Gales pull at her as she soars, pull her back but she fights through them. The weight grows and she fights that too. Wings beating wildly, her breaths are bitter and she roars out methane flames.
After a time, she comes to the other side of her mountain, the rainshadow. It is a desert. She glides down over the empty beige, empty as the weight within. She lets herself cry out for her lost young. She lets herself down in the sand.
The night comes and her body is covered in hoarfrost. In the morning she shifts to her feet and wanders. She is not the only life in the desert. She finds lizards sunning themselves on the rocks, flashing their red necks and blue sides. She sets them all alight and watches them dance in the flames, screaming, before she eats them.
That day she returns to the nest, leaves a few lizards, then flies on. High over the scrub plains, she spots the subtle change in hue of trampled ground.
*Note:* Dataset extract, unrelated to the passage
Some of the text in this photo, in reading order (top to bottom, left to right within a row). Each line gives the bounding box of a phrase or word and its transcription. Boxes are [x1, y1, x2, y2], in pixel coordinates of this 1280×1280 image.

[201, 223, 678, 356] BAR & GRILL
She follows the path, far from her territory, beyond the plains. Before her lies an inland sea, surrounded by lush forest.
Many herds of dinosaur are gathered here, including a herd of Charontosauri that carry the coniferous scent of her own forest. They are just now entering the woods.
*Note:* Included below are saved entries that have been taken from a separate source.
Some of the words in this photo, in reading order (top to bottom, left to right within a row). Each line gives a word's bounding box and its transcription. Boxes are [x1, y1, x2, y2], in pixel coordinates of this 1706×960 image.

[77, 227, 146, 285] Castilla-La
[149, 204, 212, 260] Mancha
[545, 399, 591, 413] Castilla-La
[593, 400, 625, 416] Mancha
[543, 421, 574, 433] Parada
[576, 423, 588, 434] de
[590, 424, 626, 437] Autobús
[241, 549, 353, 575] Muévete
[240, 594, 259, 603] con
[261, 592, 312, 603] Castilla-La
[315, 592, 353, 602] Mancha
She dives, setting fire to the trees before the herd. They bolt, every way they go, she's there. There is only one direction she lets them run: home. She keeps them going for several days over the scrub plains. Many die on the way, collapse foaming at the mouth with fear. She ends their suffering and makes good use of their death to keep her going. When she comes home, she is now filled with meat and power, enough to drag the latest carcass through the trees, all the way to the nest.
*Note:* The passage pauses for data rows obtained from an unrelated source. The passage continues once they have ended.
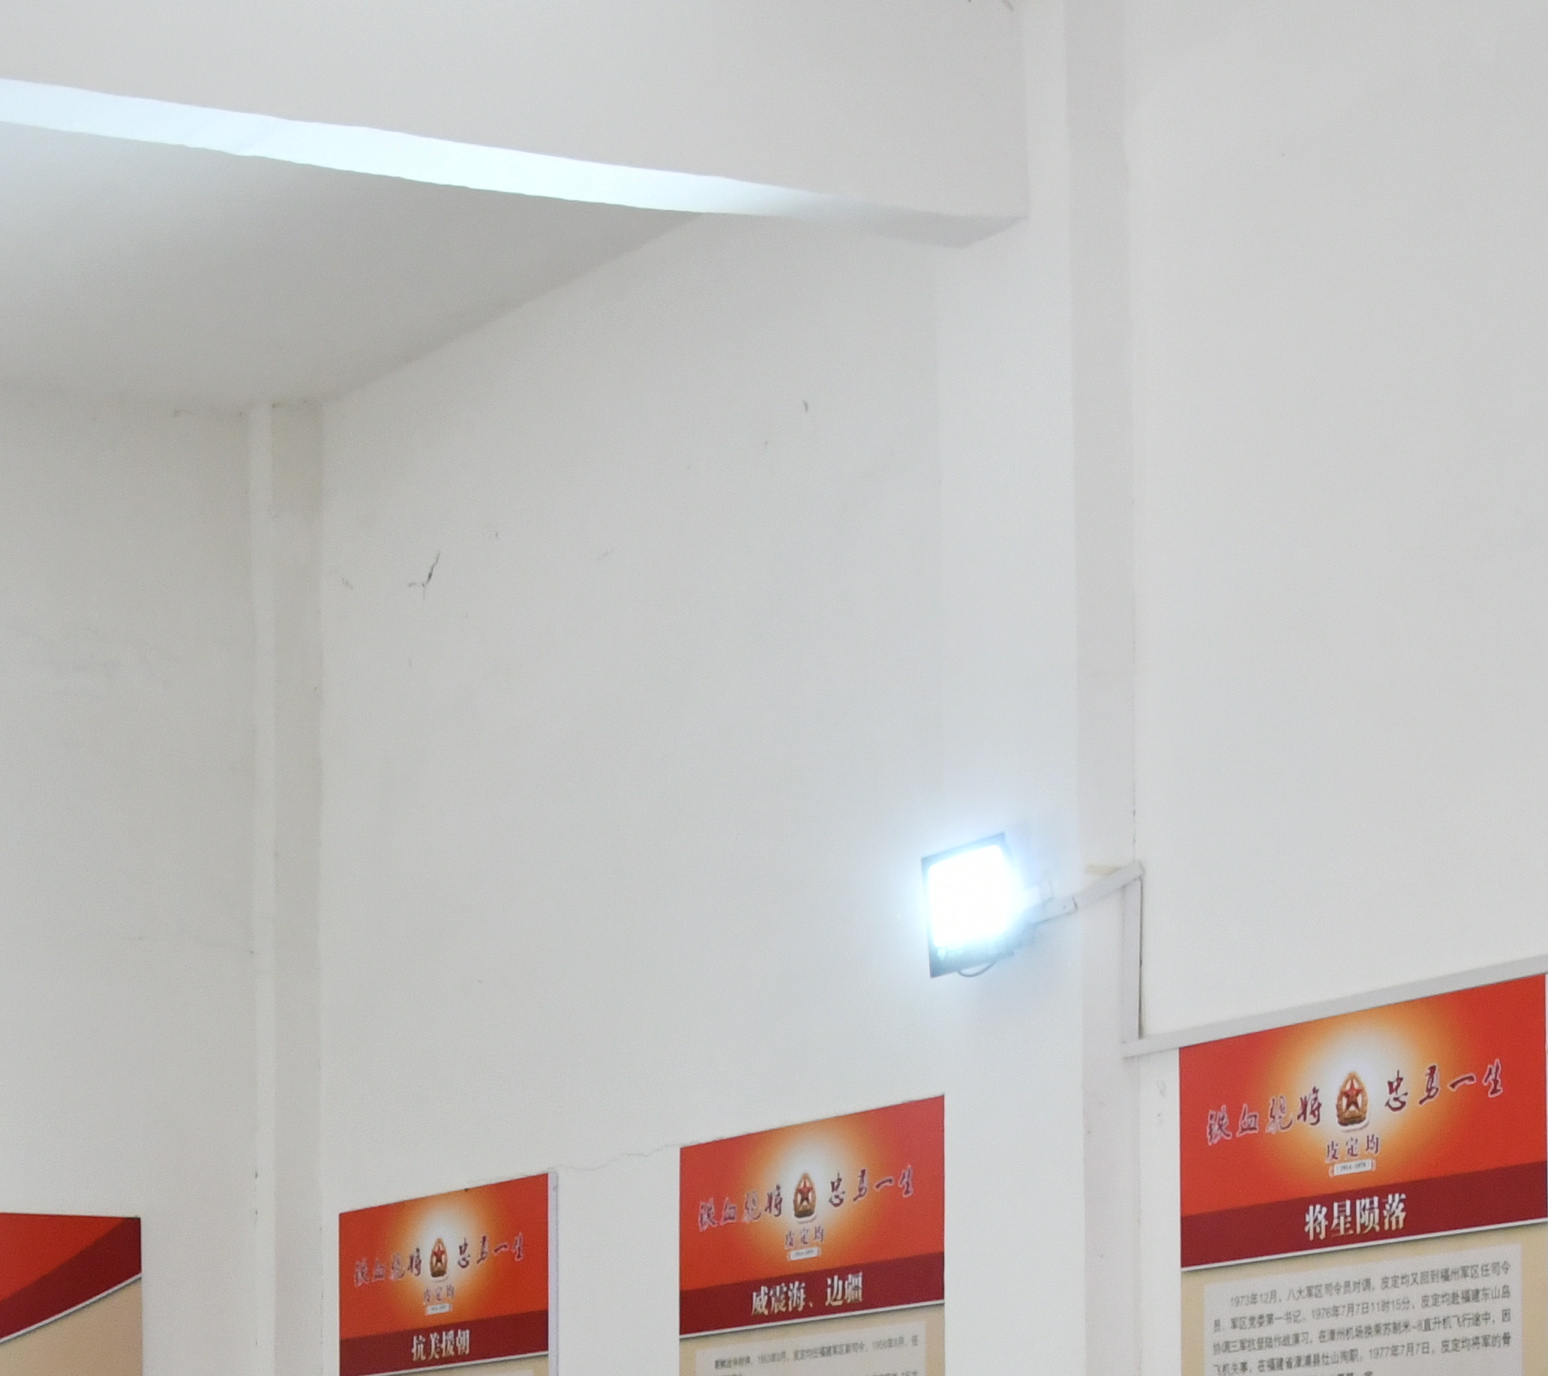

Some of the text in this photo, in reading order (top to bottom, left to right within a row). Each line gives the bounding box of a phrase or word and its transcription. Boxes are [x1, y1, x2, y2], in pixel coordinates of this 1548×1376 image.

[1206, 1051, 1503, 1145] 铁血骁将 忠勇一生
[1325, 1132, 1380, 1164] 皮定均
[1304, 1189, 1407, 1242] 将星陨落
[784, 1224, 824, 1250] 皮定均
[751, 1270, 863, 1318] 威震海、边疆
[410, 1326, 470, 1363] 抗美援朝
But there is no sign of her young. She calls out, and begins to keen. A chirp cuts her cry short. She inhales the scent of her chick, tracing it to a burrow. The youth climbs out of the ground and she wraps her wings around it.
Their faces touch under the translucent shroud, and now the child feasts.
~΅~•~΅~
Dawn comes early this morning, with a distant roar. She snaps awake. That is not sunrise. It's a firestorm.
If she were on her own, she could fly away. But she has to relocate her chick, who has grown to half her size and cannot fly. The firestorm will soon engulf the forest all around them. The only way to go is up the mountain.
She pushes her chick away from the nest. It chirps, trying to run around her as if this is a game. She growls and the chick stops short. She noses it up the terrain.
The make it barely above the treeline when she feels the heat bearing down on them. Her chick scrabbles on the rocks and she must catch it it a few times, pushing with encouraging chirps. The roaring increases as the day goes on and her wings ache to escape, but she climbs on with her young one.
As they come to the mountain pass, she turns back. The blaze thunders in her ears, and she is nearly blinded by the red and golden dancing spires. As she turns away, dazed, she can almost make out the shrieking hoots they're leaving behind.
~΅~•~΅~
The chick strains to see over the ledge, cautiously flapping its wings, as it does every day. She watches, as always, ready to leap up and catch her child should it fall, though it is larger than she is now.
Yet today, something is different. Today, the dust clouds have cleared just a little, enough for sunlight to warm the cliff face. A thermal catches the juvenile's wings, and they beat faster. Then, the chick is in the air. There is a moment of hovering, unsteady hesitation. Then it takes off with the confidence of instinct.
She rises to watch her child's deep green body soar over the desert. She doesn't go after it, but keeps vigil until the fledgling has flown too far to see, and for a while after that.